First of all, distinguish between Onpage & Offpage Search Engine Optimization. SEO is not SEO. Both areas tackle different aspects that impact your overall SEO score.


What is Onpage SEO?

Onpage SEO is rather simple since it is related to technical stuff like meta tags, structure, and content. Check out tools from Google like https://web.dev/measure/ or https://pagespeed.web.dev/. Both tools cover Web Vitals - an initiative by Google to provide unified guidance for quality signals that are essential to delivering a great user experience on the web.

The current set for 2020 focuses on three aspects of the user experience—loading, interactivity, and visual stability—and includes the following metrics (and their respective thresholds): Largest Contentful Paint, First Input Delay, and Cumulative Layout Shift.
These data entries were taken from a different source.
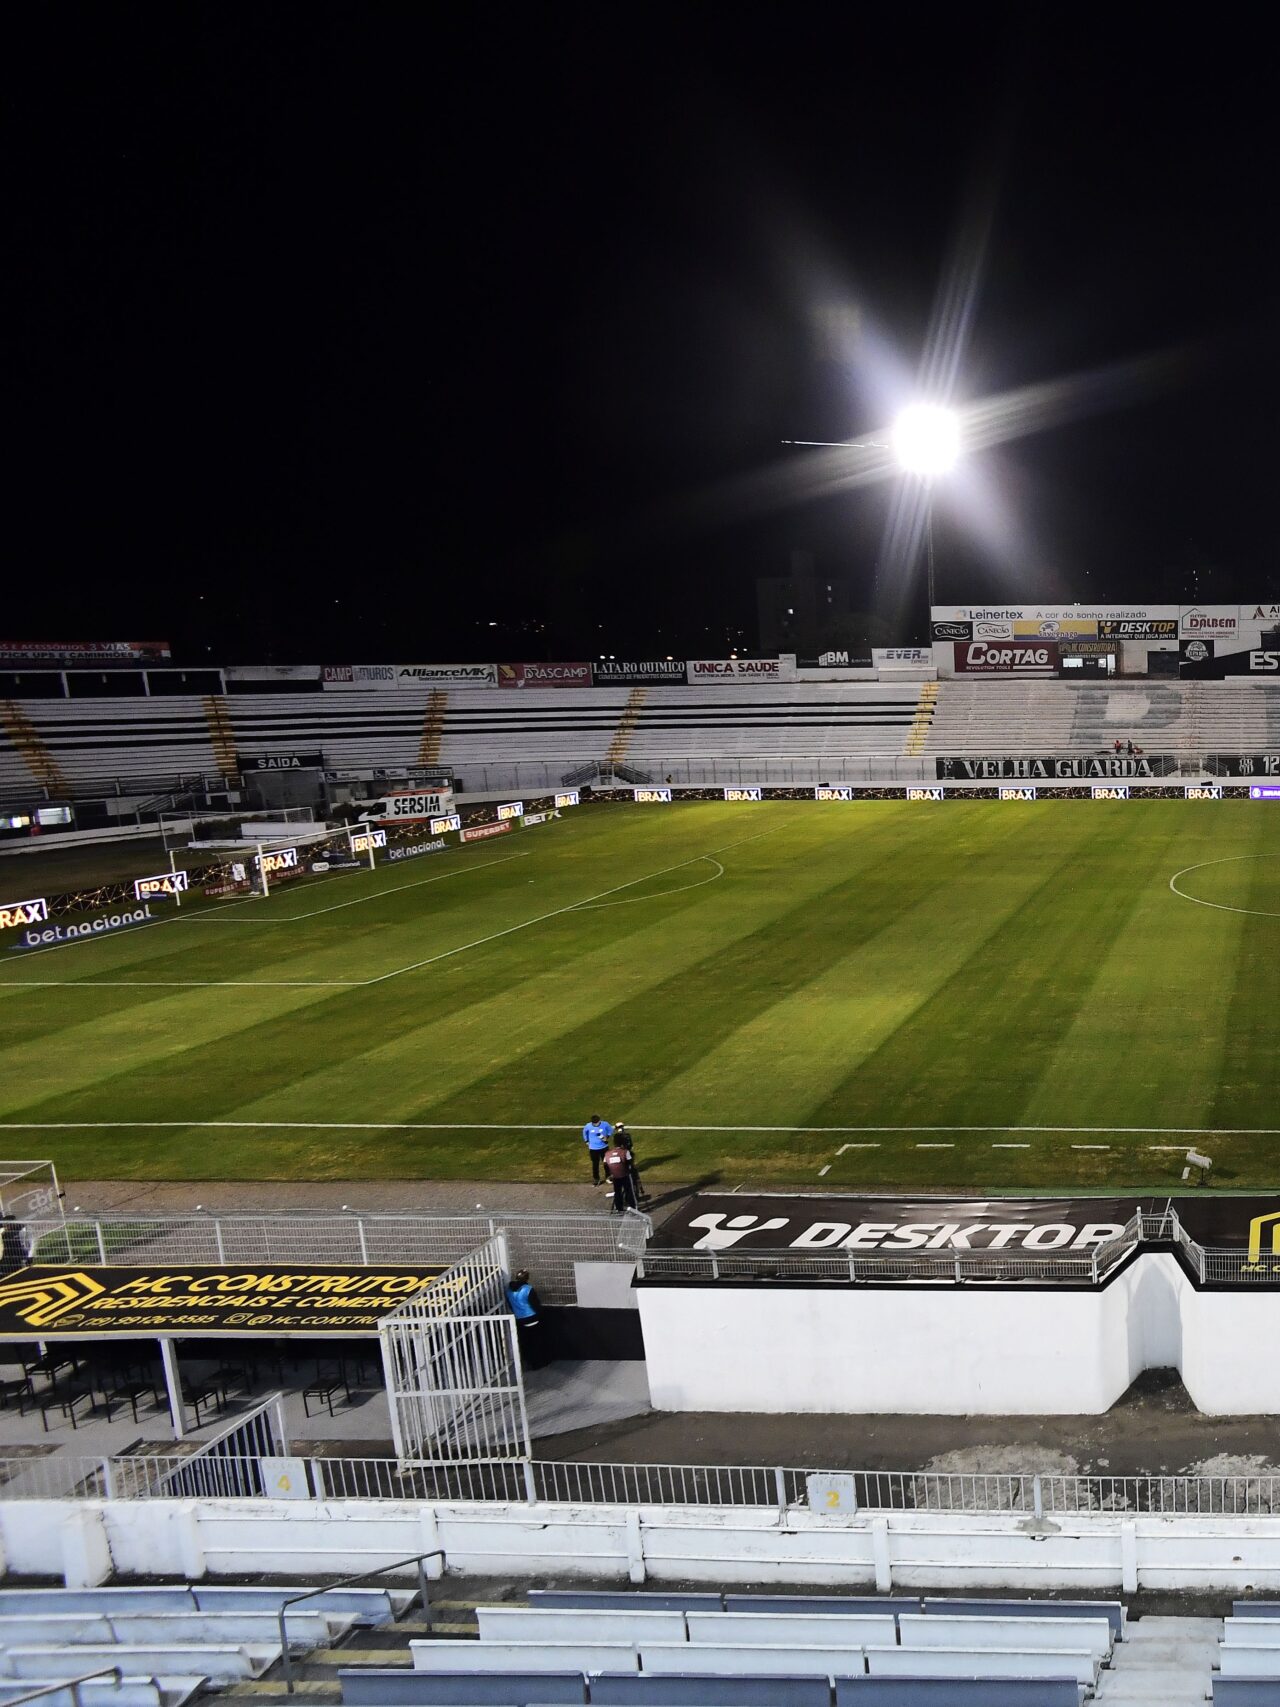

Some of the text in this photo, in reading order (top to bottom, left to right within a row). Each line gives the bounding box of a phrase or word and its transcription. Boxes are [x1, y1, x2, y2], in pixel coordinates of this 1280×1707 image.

[969, 609, 1023, 620] Leinertex
[1120, 622, 1175, 633] DESKTOP
[1190, 619, 1236, 628] DALBEM
[101, 642, 131, 651] VIAS
[828, 651, 849, 662] BM
[886, 650, 921, 659] EVER
[967, 643, 1049, 665] CORTAG
[593, 661, 685, 674] LATARO QUIMICO
[694, 660, 779, 673] ÚNICA SAÚDE
[324, 666, 352, 681] CAMP
[258, 756, 301, 769] SAÍDA
[961, 759, 1151, 778] VELHA GUARDA
[638, 791, 669, 801] BRAX
[728, 790, 758, 800] BRAX
[818, 790, 849, 800] BRAX
[909, 789, 941, 799] BRAX
[1002, 788, 1033, 799] BRAX
[1095, 788, 1126, 799] BRAX
[1188, 788, 1219, 799] BRAX
[394, 796, 440, 815] SERSIM
[557, 794, 577, 807] BRAX
[500, 804, 521, 819] BRAX
[524, 809, 562, 825] BET7K
[434, 817, 459, 833] BRAX
[466, 821, 511, 839] SUPERBET
[355, 834, 384, 852] BRAX
[389, 838, 445, 859] bet nacional
[262, 853, 294, 872] BRAX
[0, 903, 40, 929] RAX
[27, 904, 151, 946] bet nacional
[790, 1223, 1126, 1249] DESKTOP
[1241, 1265, 1267, 1273] HC
[111, 1275, 193, 1294] HC
[82, 1296, 302, 1309] RESIDENCIAIS E
[78, 1316, 116, 1327] (19)
[277, 1474, 291, 1491] 4
[826, 1490, 840, 1508] 2
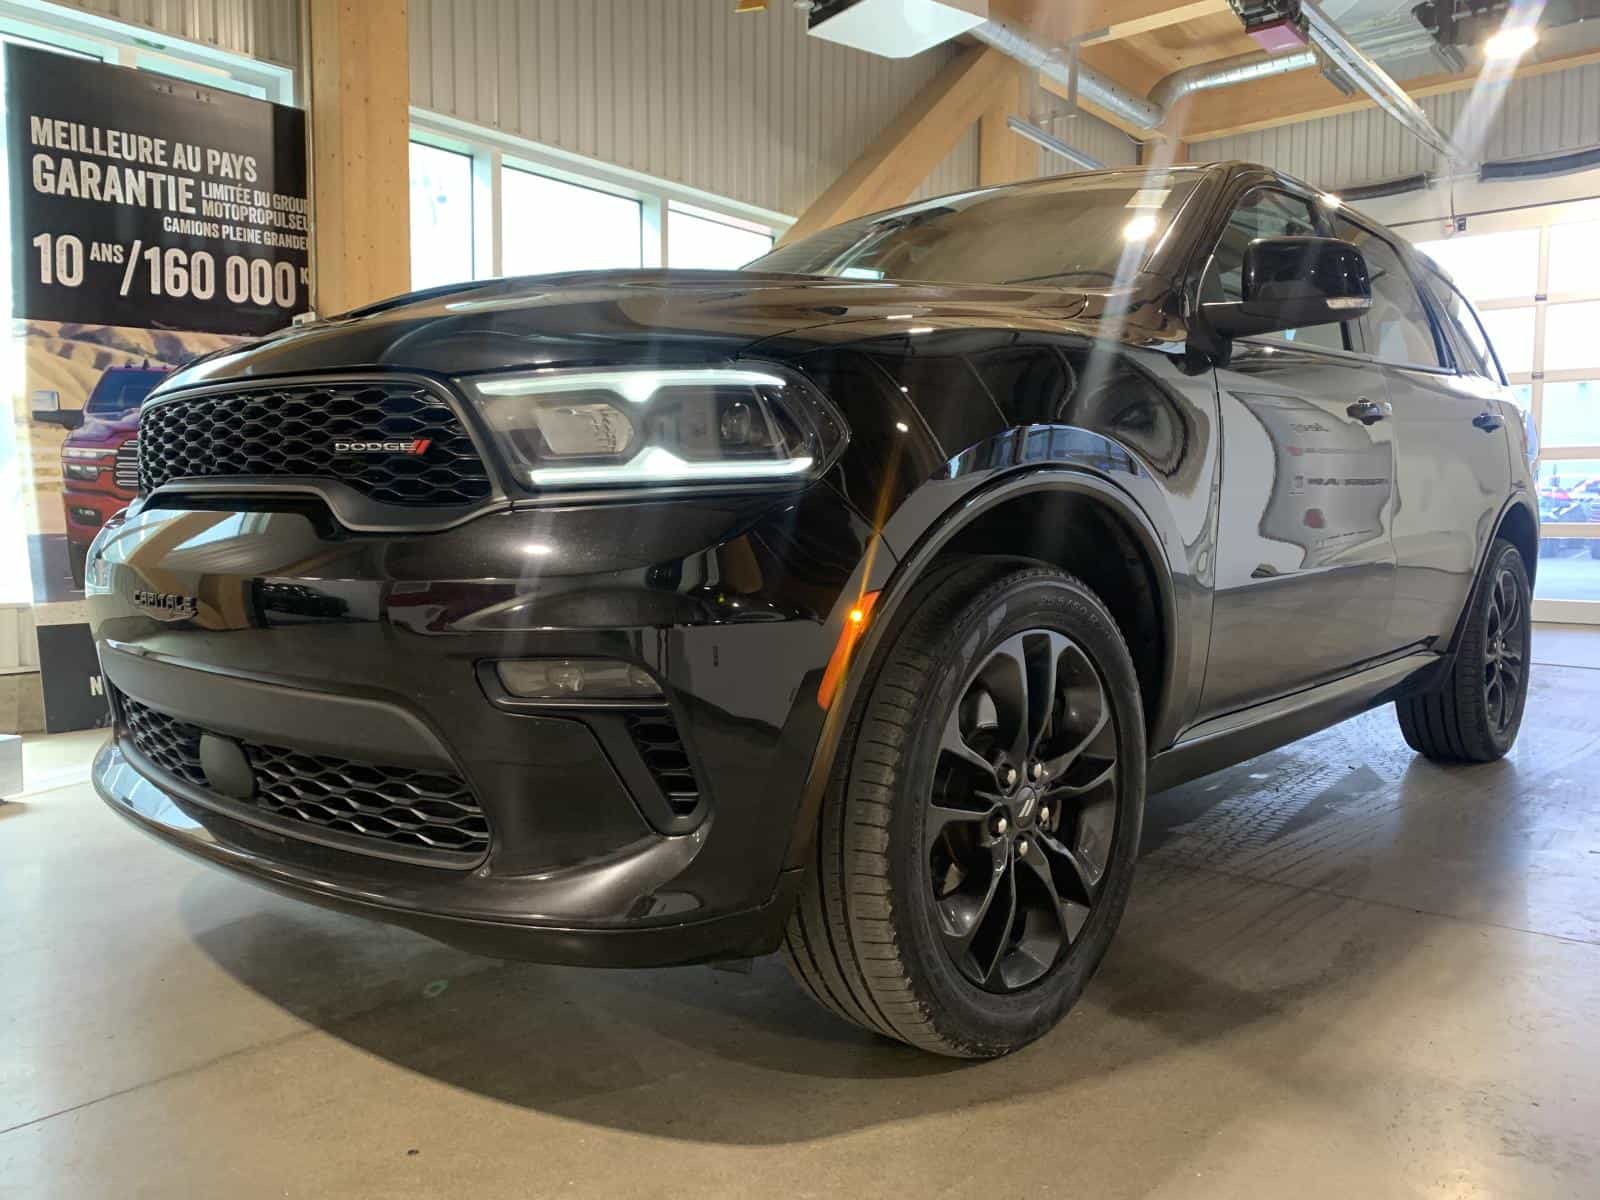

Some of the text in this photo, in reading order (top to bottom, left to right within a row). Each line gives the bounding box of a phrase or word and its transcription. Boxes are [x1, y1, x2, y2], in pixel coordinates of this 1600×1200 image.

[30, 115, 258, 183] MEILLEURE AU PAYS
[32, 153, 197, 215] GARANTIE
[201, 180, 252, 206] LIMITÉE
[253, 190, 272, 209] DU
[163, 215, 220, 240] CAMIONS
[221, 224, 262, 245] PLEINE
[32, 232, 84, 288] 10
[90, 241, 124, 264] ANS
[225, 254, 296, 309] 000
[335, 442, 417, 452] DODGE
[133, 591, 195, 611] CAPITALE
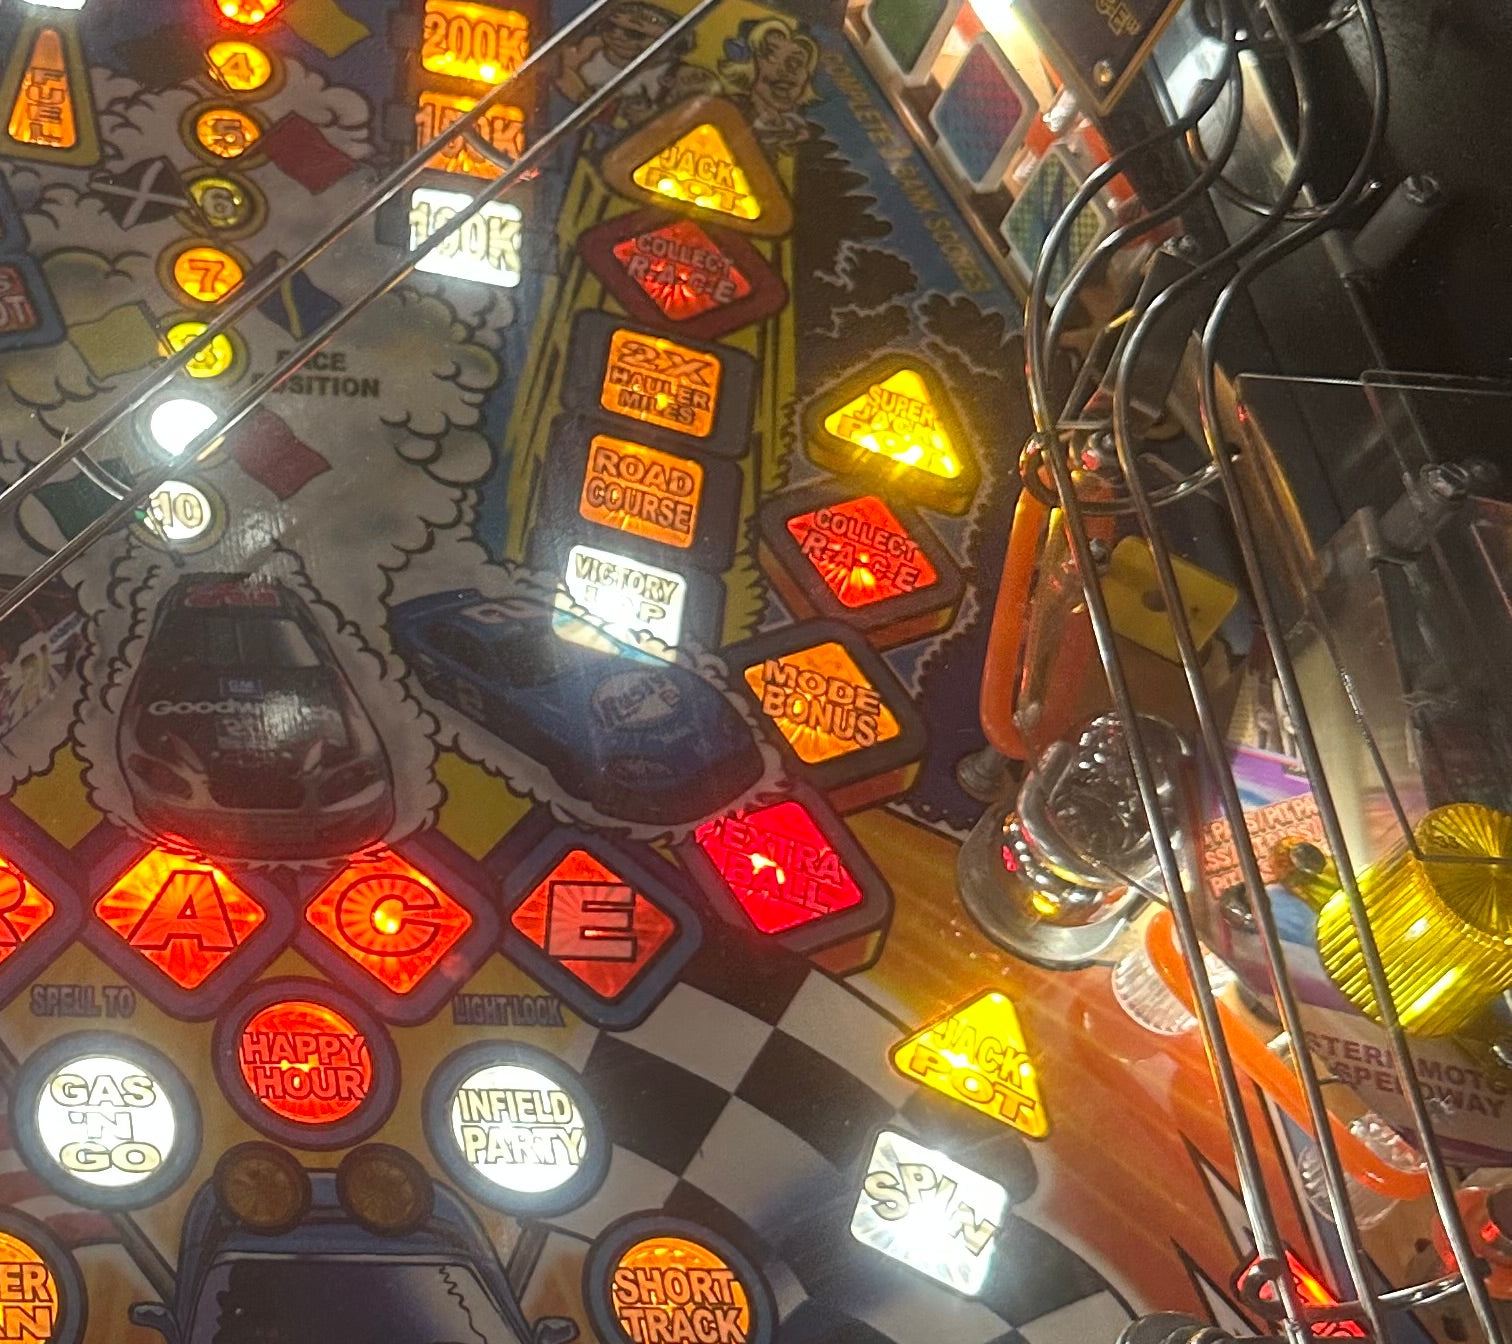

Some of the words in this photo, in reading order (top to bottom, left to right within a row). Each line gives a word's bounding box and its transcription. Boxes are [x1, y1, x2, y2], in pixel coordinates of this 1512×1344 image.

[424, 11, 530, 66] 200K
[223, 50, 255, 85] 4
[26, 66, 67, 143] FUEL
[213, 117, 245, 151] 5
[659, 146, 737, 189] JACK
[200, 184, 234, 223] 6
[646, 175, 749, 218] POT
[189, 258, 225, 293] 7
[636, 230, 735, 278] COLLECT
[626, 253, 735, 306] R-A-C-E
[615, 339, 715, 388] 2X
[610, 366, 712, 411] HAULER
[617, 390, 698, 426] MILES
[866, 381, 936, 429] SUPER
[855, 401, 948, 453] JACK
[593, 448, 696, 500] ROAD
[155, 492, 203, 528] 10
[586, 476, 695, 533] COURSE
[813, 506, 921, 563] COLLECT
[574, 554, 680, 605] VICTORY
[801, 529, 918, 594] R-A-C-E
[761, 659, 883, 717] MODE
[762, 690, 879, 748] BONUS
[722, 816, 843, 885] EXTRA
[724, 852, 830, 915] BALL
[29, 985, 101, 1016] SPELL
[103, 987, 136, 1019] TO
[454, 995, 517, 1025] LIGHT
[515, 996, 565, 1027] LOCK
[242, 1031, 366, 1065] HAPPY
[932, 1016, 1031, 1091] JACK
[50, 1074, 156, 1108] GAS
[255, 1066, 366, 1101] HOUR
[909, 1043, 1038, 1123] POT
[70, 1111, 135, 1141] 'N
[458, 1089, 573, 1125] INFIELD
[60, 1142, 162, 1174] GO
[462, 1126, 584, 1166] PARTY
[864, 1161, 999, 1256] SPIN
[615, 1268, 736, 1307] SHORT
Another third-party tool I can recommend is Seobility. But there are dozens of others out there, e.g., Moz, Ahrefs, or Sistrix.

Of course, once your score is quite well, it does not mean your SEO is done! New content will be created, new products are covered, and so on. Third-party tools like the above can help to check keywords for pages and track progress regarding "organic" traffic / ranking. And that is not only for your page also for your competitors if you like. So you can gain an insight into which keywords need to be enhanced more or what page needs to be more optimized. Another handy feature they provide is to schedule a run for an SEO audit automatically. Once you add new pages or update the content the changes will be considered in the next SEO check and sent to your email inbox right away.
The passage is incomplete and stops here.